Their Hoagie (spelled Hoggie for some reason in the '60s/'70s) is the best thing on the menu.
 
 
collinf
Cheeseburger
Re:Pizza fast-food history: Why mid-America? 2012/10/02 17:05:02
There was also Shakey's, which actually started in California in 1954, but had a very Midwestern style of crust to it. 
 
I think pizza in the East typically was started by Italian Americans in their restaurants.  In the Midwest, I think it started more in bars as something to offer patrons that was salty (particularly the toppings), cheap, and an alternative to pretzels and peanuts that went great with beer. 
 
The reason for the difference in styles was the availability of ingredients.  Midwesterners translated "pizza pie" into a more literal form of a crispier, pie-like dough that was rolled out or flattened with a sheeter, because that was what they were familiar with and what they had available in terms of ingredients.  They did not have as much access to the variety of tomatoes, herbs, and flours that others had on the coast, not to mention the family knowledge and tradition.
post edited by collinf - 2012/10/02 17:07:47
Flyover Culture
Junior Burger
Re:Pizza fast-food history: Why mid-America? 2012/10/02 17:50:55
I have to say, the information you all have shared on this thread is actually more helpful than some of the research I've found so far.

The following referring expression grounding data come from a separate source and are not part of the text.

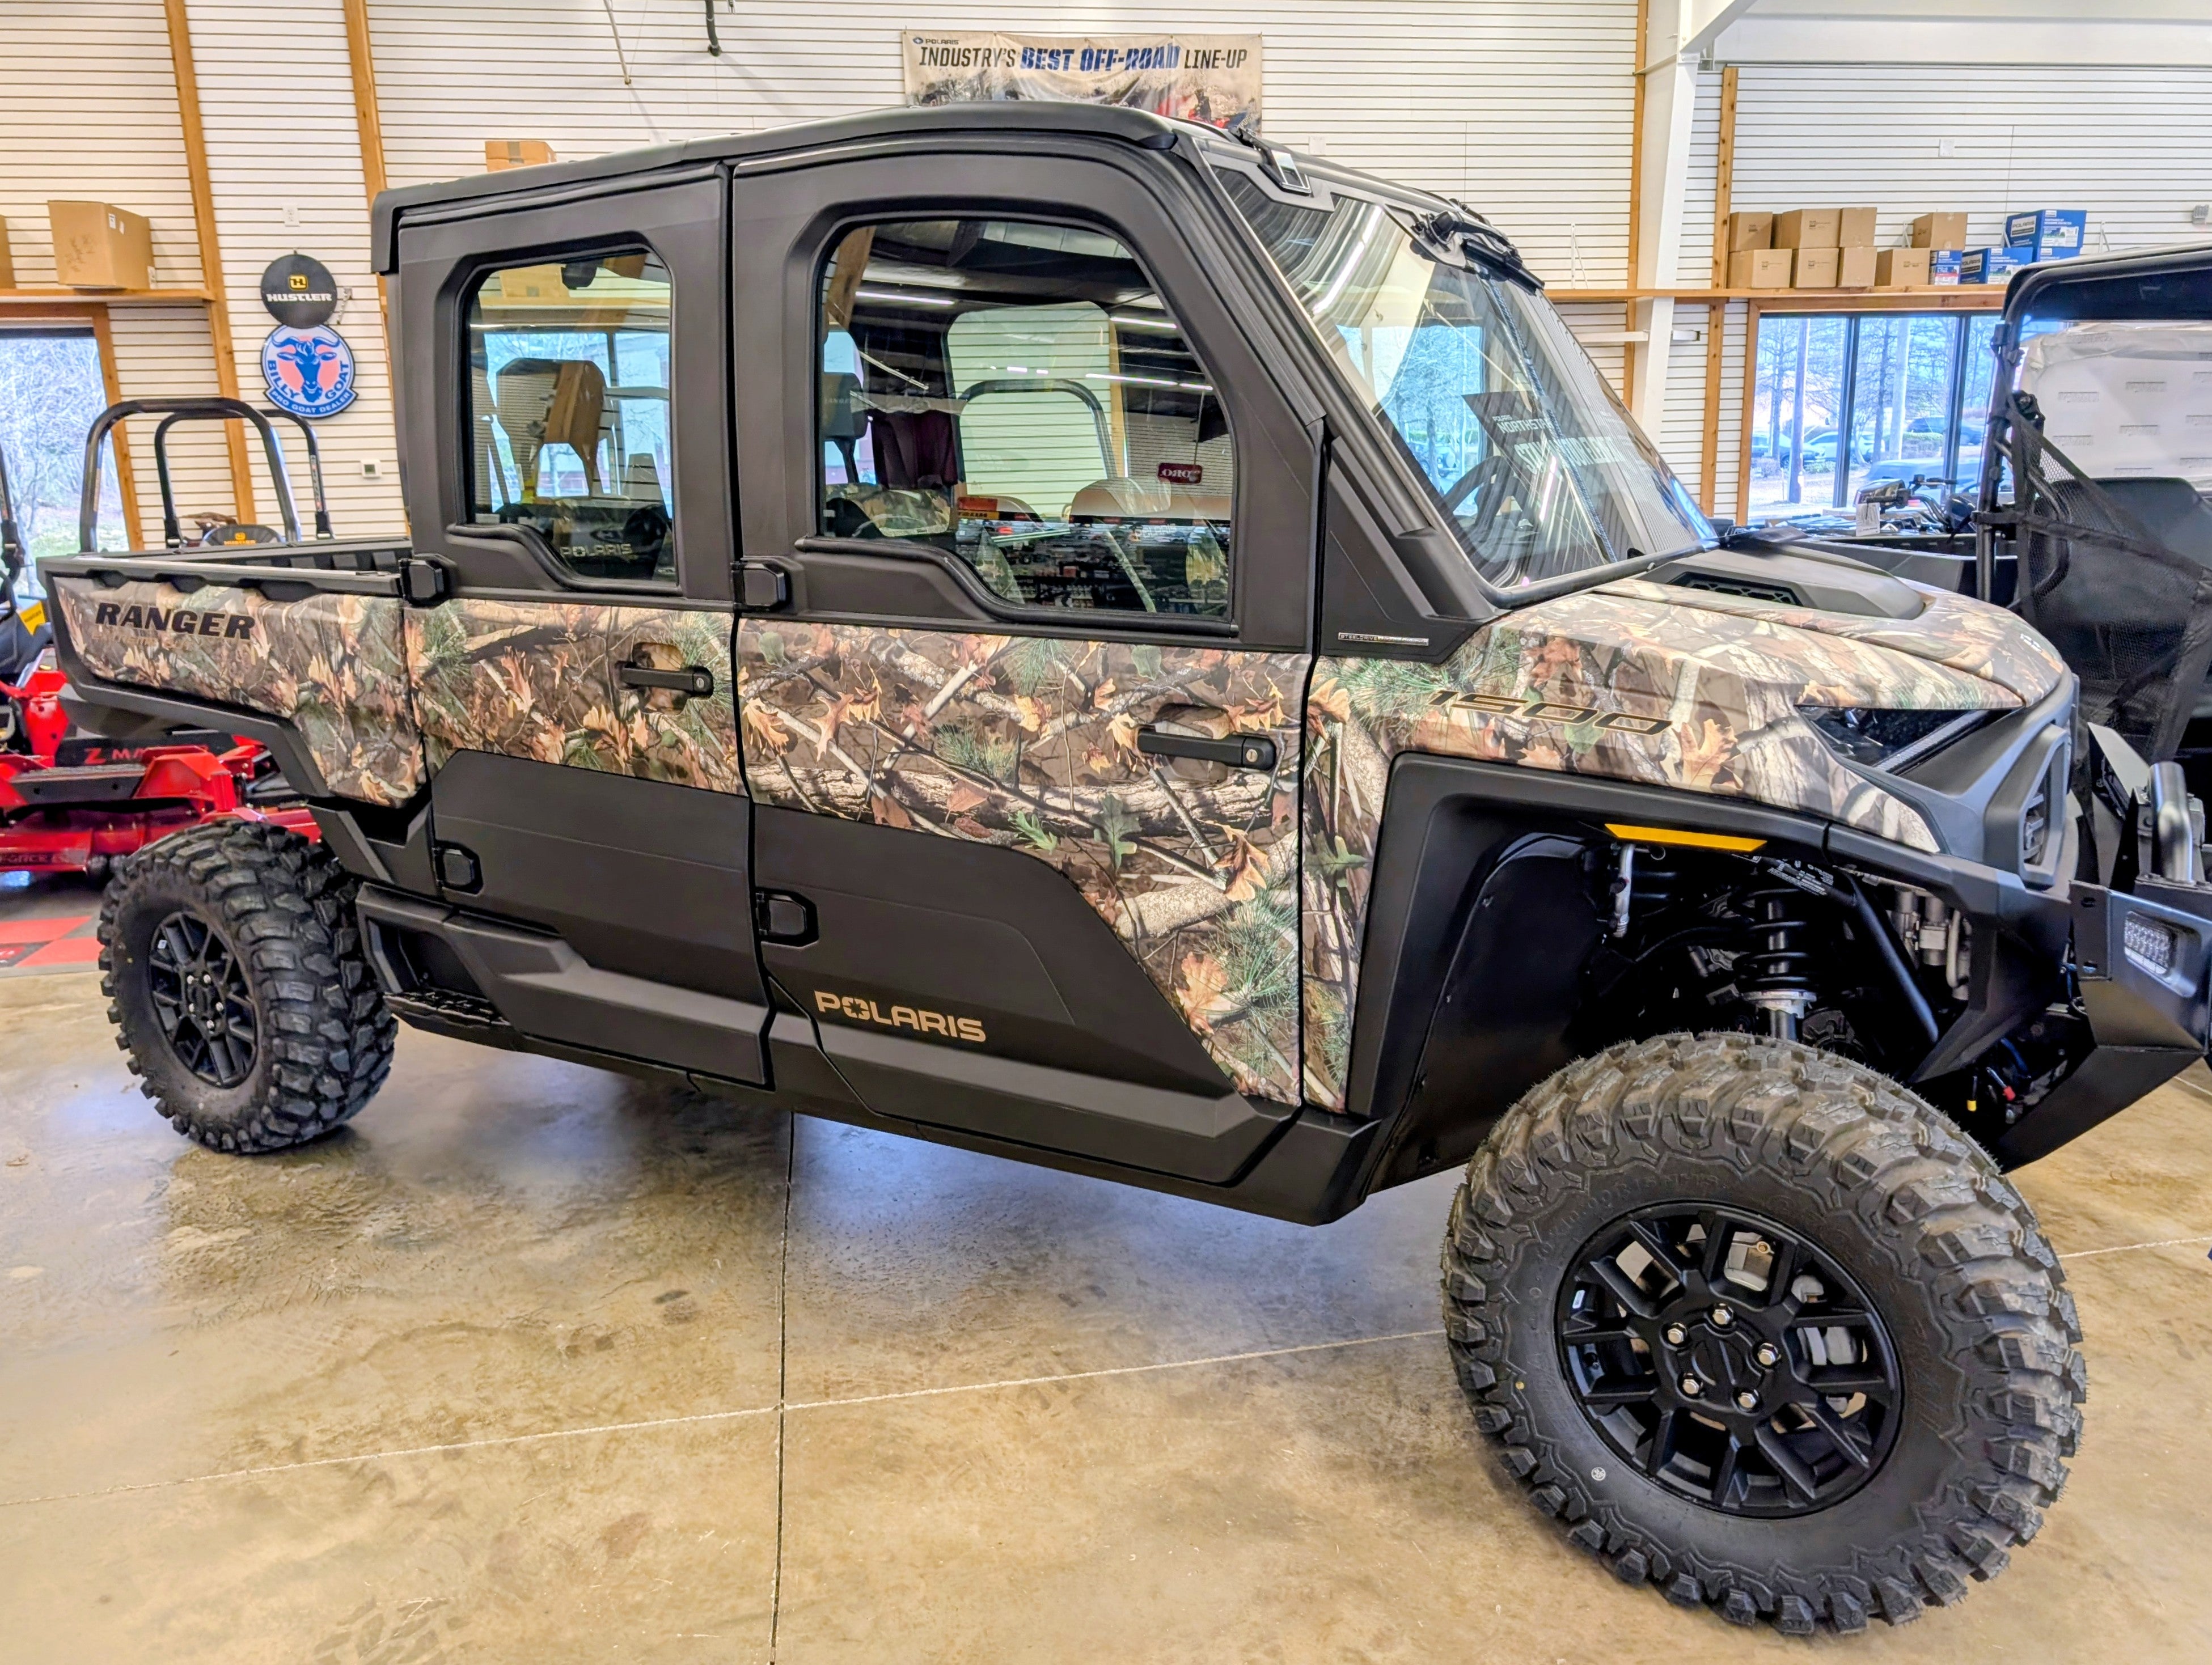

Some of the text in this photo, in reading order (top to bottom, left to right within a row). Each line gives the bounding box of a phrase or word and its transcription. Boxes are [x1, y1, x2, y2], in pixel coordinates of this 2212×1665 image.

[919, 43, 1247, 71] INDUSTRY'S BEST OFF-ROAD LINE-UP
[266, 293, 332, 302] HUSTLER
[268, 360, 349, 400] BILLY GOAT
[272, 390, 351, 414] PRO GOAT DEALER
[559, 543, 632, 558] POLARIS
[95, 602, 256, 640] RANGER
[1428, 690, 1673, 735] 1500
[84, 748, 106, 764] Z
[814, 990, 987, 1042] POLARIS
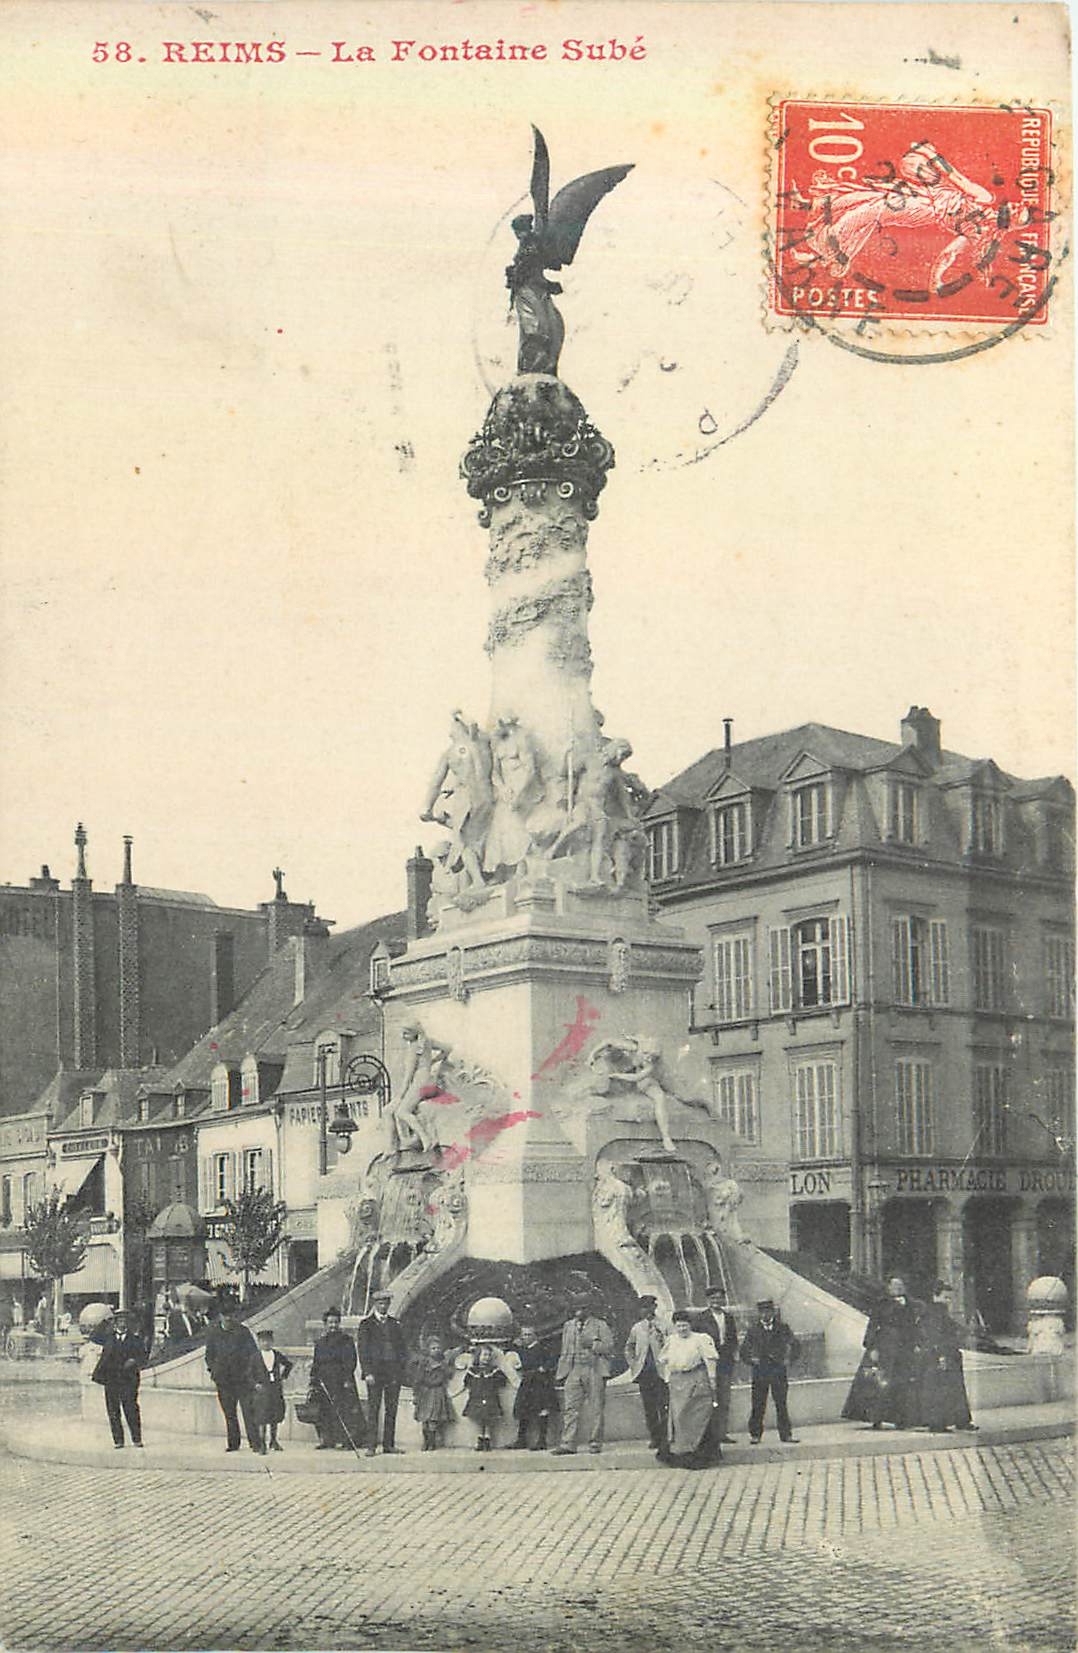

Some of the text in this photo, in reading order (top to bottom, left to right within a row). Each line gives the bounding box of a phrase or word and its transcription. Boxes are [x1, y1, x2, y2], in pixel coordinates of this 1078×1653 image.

[807, 112, 865, 165] 10
[791, 286, 879, 309] POSTES
[896, 1168, 1007, 1192] PHARMACIE

Thanks again!!
michaelcarraher
Cheeseburger
Re:Pizza fast-food history: Why mid-America? 2012/10/03 08:24:08
kland01s

michaelcarraher

Midwestern suburbs have a big plus: Delivery is a big plus and people there have never tasted real pizza. 


Totally false. I grew up in the far outlying parts west of Chicago and never saw a chain pizza until I was in my late 20's (1976 or so) We had plenty of mom & pop places even in my small town where I worked for one in 1963. It was very good thin crust pizza.

 
Chicago isn't in the Midwest.  It's surrounded by the Midwest on three sides.  Chicago is a cosmopolitan city.  People from the Midwest go there to get out of the Midwest. 
"
"here is a tall bold slugger set vivid against the      little soft cities;"  Carl Sandburg
kland01s
Filet Mignon
Re:Pizza fast-food history: Why mid-America? 2012/10/03 09:18:02
Sorry Michael, still don't buy your theory. I grew up 50 miles west of Chicago in the 1950's and 60' in an area that was totally farm country. No Chicago influences at all.  There was great pizza to be found in every little town (my town had 600 people) and I'm not talking deep dish which I never had until I was in my 20's.
mjambro
Cheeseburger
Re:Pizza fast-food history: Why mid-America? 2012/10/03 11:11:22
collinf

There was also Shakey's, which actually started in California in 1954, but had a very Midwestern style of crust to it. 


 
Shakey's - yet another example of really bad pizza.  Stopped by twice many years ago (drawn in by the movie - silent? -  while seated / waiting) - from what I recall, the crust was really sweet / sugary with a funky texture. Amongst the worst I've ever had - right up there with a slice I once had at the Charlotte airport.